--- Steve Fink <[EMAIL PROTECTED]> wrote:
> Dan Sugalski wrote:
> > 
> >    int perl6_parse(PerlInterp *interp,
> >                    void *source,
> >                    int flags,
> >                    void *extra_pointer);
> 
> Given that other things may want to be streamable in
> similar fashion (eg
> the regular expression engine), why not have a
> PerlDataSource union or
> somesuch that encapsulates all of the possibilities of
> the final three
> arguments? Or put all possibilities into a PerlIO*? That
> gives direct
> support for compressed source, source streamed over a
> network socket,
> etc., with a more common framework than
> PERL_GENERATED_SOURCE.

Hear, hear! This is almost an embedding issue, though
(cc-ing perl6-internals-api-embed): How much of the
standard perl RTL is _required_ (I.e., PerlIO, perl malloc,
etc.). Offhand, I think that there is a very strong case to
require at least the basic PerlIO, since without it, perl6
can't count on having a non-bugridden I/O library, and also
can't take advantage of PerlIO's non-std. features
(whatever they end up being).
 
> Things like PERL_CHAR_SOURCE meaning nul-terminated char*
> sound
> unnecessarily specific.
> 
> Also, you gave two options: nul-terminated and
> length-first.

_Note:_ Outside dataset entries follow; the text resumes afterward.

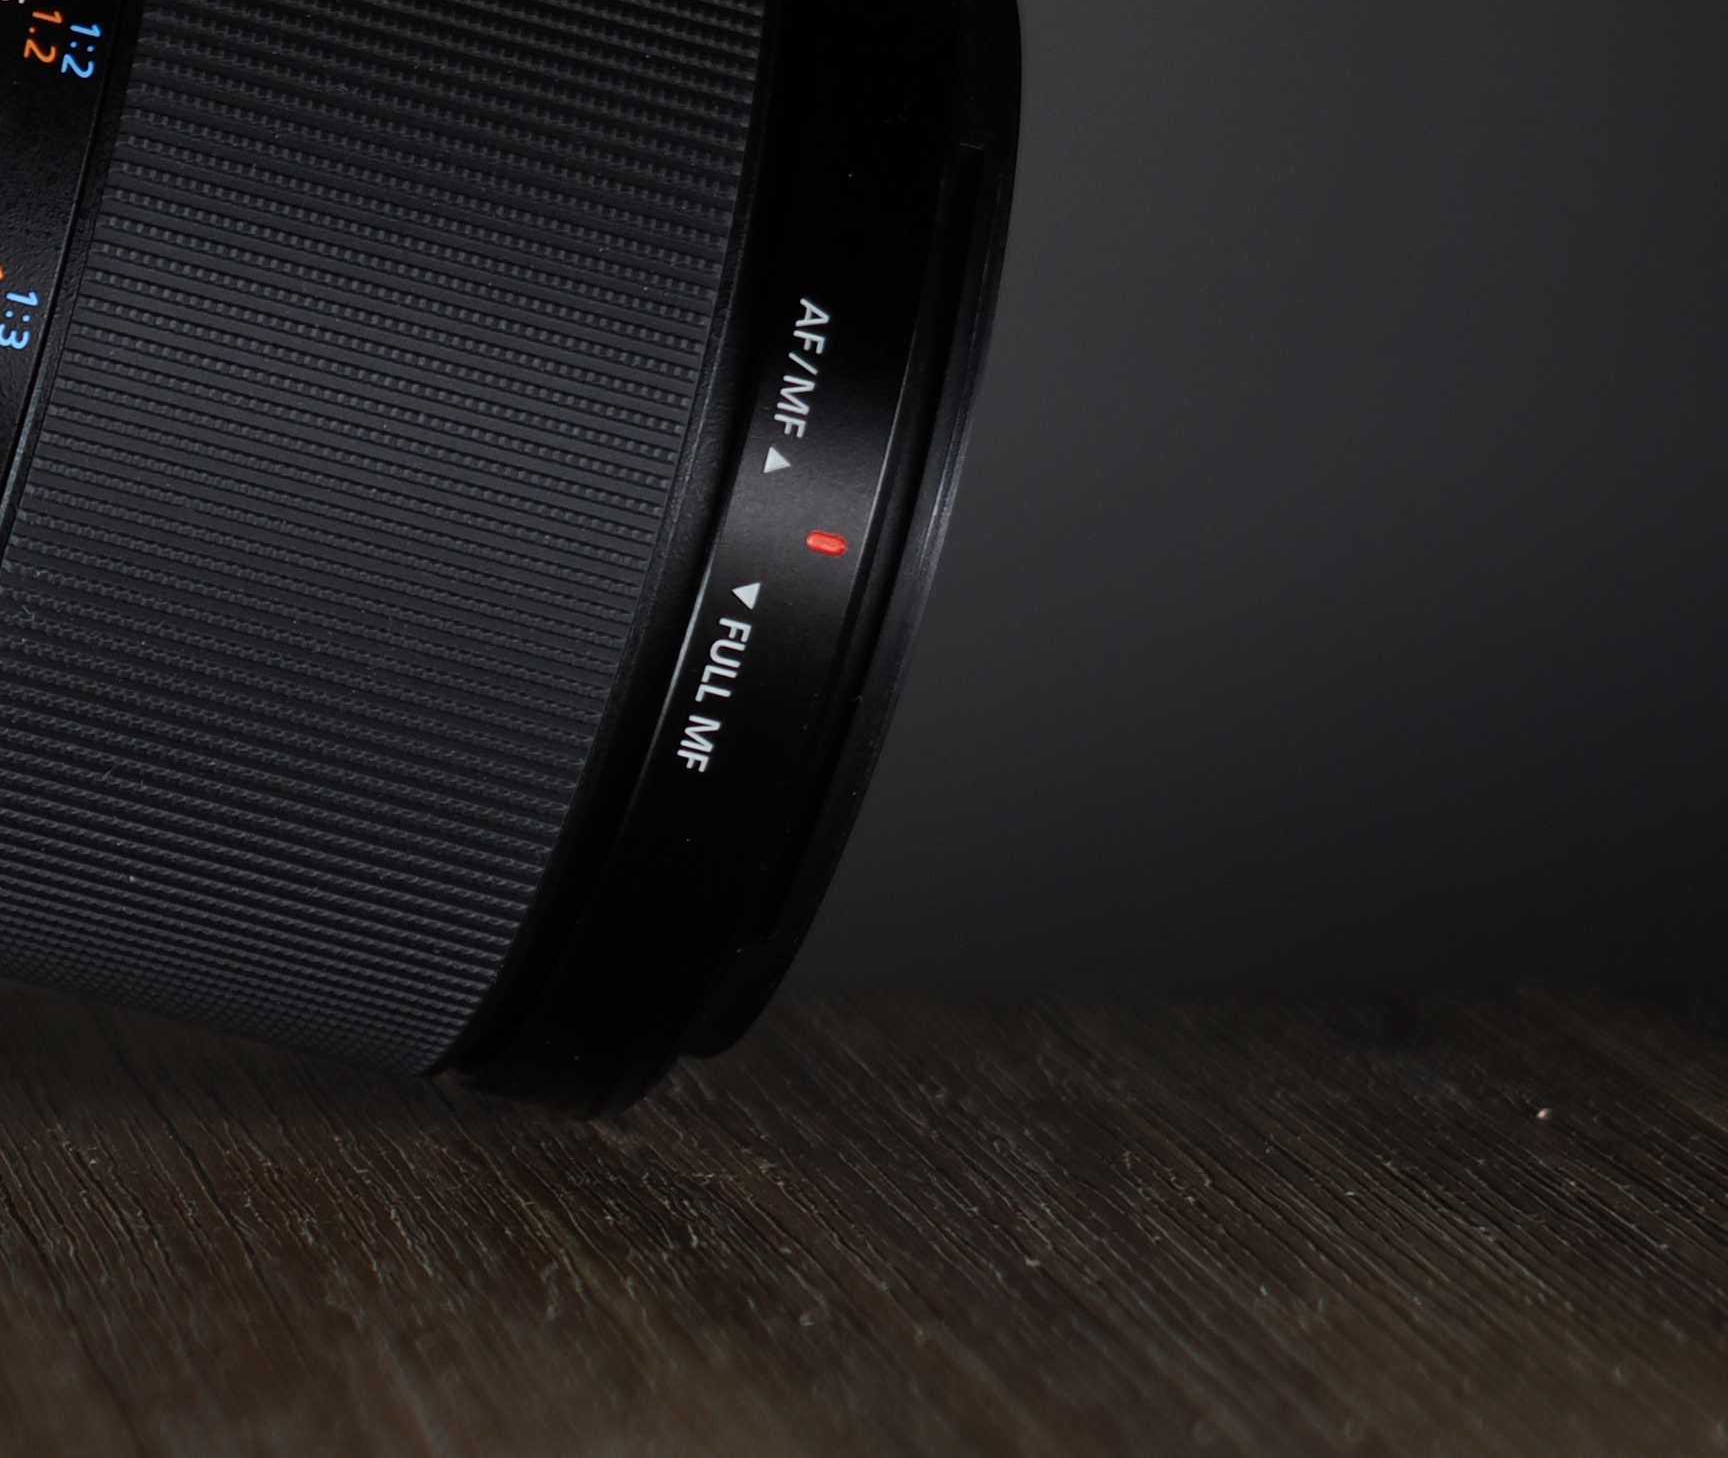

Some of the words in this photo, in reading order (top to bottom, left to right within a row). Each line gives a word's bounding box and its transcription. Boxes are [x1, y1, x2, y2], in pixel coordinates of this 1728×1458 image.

[22, 8, 65, 65] 1.2
[59, 21, 104, 80] 1:2
[773, 298, 830, 439] AF/MF
[694, 616, 752, 703] FULL
[676, 714, 722, 773] MF
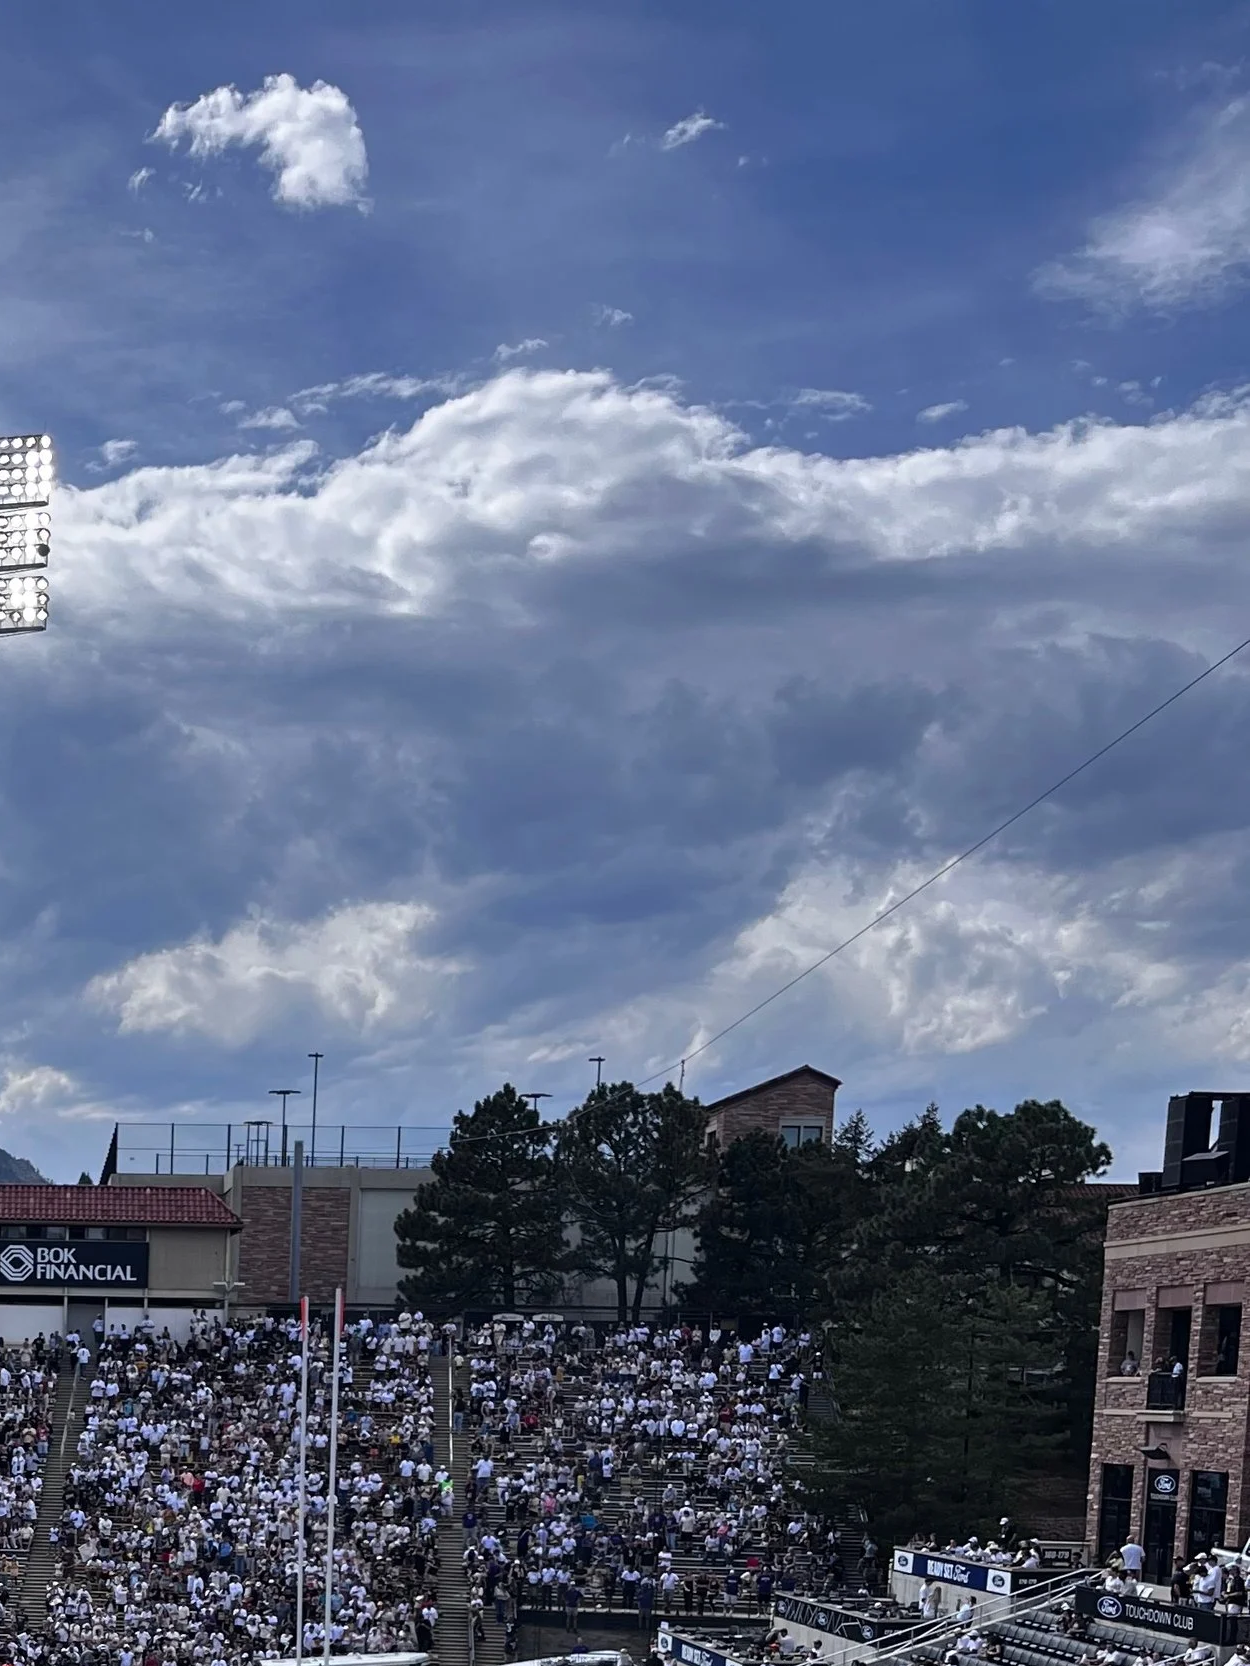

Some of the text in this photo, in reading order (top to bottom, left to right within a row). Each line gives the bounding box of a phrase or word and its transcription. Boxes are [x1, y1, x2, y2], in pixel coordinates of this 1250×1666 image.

[36, 1248, 77, 1264] BOK
[36, 1265, 137, 1281] FINANCIAL
[1125, 1604, 1194, 1631] TOUCHDOWN CLUB

What about
> a "chunked" encoding, where you get multiple length-first
> chunks of the
> input (as in HTTP/1.1's Transfer-Encoding: chunked, for
> one example of
> many)? Or are nuls explicitly forbidden in source code?
> 
> And, in a related question, the above interface appears
> that you call
> perl6_parse once. Will this be good enough, or do you
> want to have a
> PerlParseState* in/out parameter that allows restarting a
> parse once you
> get more of the input available? (With this, you don't
> need an explicit
> chunked encoding, since the caller can deal with that
> without being
> required to buffer the whole thing in memory before
> calling
> perl6_parse.) Or would that go into the PerlInterp too?
> 
> And finally, how do I get the output out of the
> PerlInterp? Is it stored
> under some variable name, or does the PerlInterp start
> out empty and
> gains the parsed syntax tree as its only syntax tree, or
> ? (The latter
> sounds messy if the PerlInterp is also running code, code
> that wants to
> call some standard utility functions implemented in
> Perl.) Maybe I'm not
> making sense.

This sort of leads into an idea I've been having about what
defines an interpreter. I've sort of been musing on the
following embedding interface:

/* inits subsystems: PerlIO,memory,etc. call once at start
of program */
int perl_boot(); 

/* subsystem shutdown - call at program shutdown */
int perl_shutdown();

/* a perl6 interpreter - defines complete interpreter*/
typedef struct _perl_interp perl_interpreter;
typedef struct _perl_thread perl_thread;
struct _perl_interp {
   perl_thread *thread_list;
   perl_thread *root_thread; /* "top-level" thread - used
to parse the primary script (or provide an arbitrary
perl_thread for embedders) */
   HV *shared_stash;  /* subroutines are global to an
interpreter */
   HV *subroutine_stash;
...
};
/* a thread of execution in a perl_interpreter - contain's
thread's stash and stacks */
struct _perl_thread {
   perl_interpreter *threads_interp;
   OP *pc;
   SV *sp;
   HV *thread_stash;
   void *save_stack;
   RE_context *RE_data;
   perl_parser_state *parser;
...
};

/* creates an interpreter */
perl_interpreter * perl_create_interp(int flags);

/* ... ways of calling in (parse command line, call code,
etc.)... */

/* destroy and free an interpreter */
void perl_delete_interp(perl_interpreter *);

/* the embedder is expected to provide the following */
/* get this OS thread's current perl_thread */
perl_thread* perl_fetch_thread();
/* set this OS thread's current perl_thread (called in
Thread->new &co.) */
perl_thread* perl_set_thread();
/* get the perl_thread who will handle signals */
perl_thread* perl_get_sig_thread();

The idea behind the perl_interpreter/perl_thread separation
is that perl6 internal calls will actually pass a
perl_thread * around, since that is the basic unit of
execution, and if bytecode/optree is to be shared between
threads (as I devoutly hope it will be), there needs to be
something to aggregate a group of perl_threads. 

To go back to parser API design, I think that
perl6_parse_perl should take a perl_thread* to provide
context for sub {} declarations, parse errors, &co.
Top-level code would be treated as either the top-level
script, or an eval'', depending on the flags.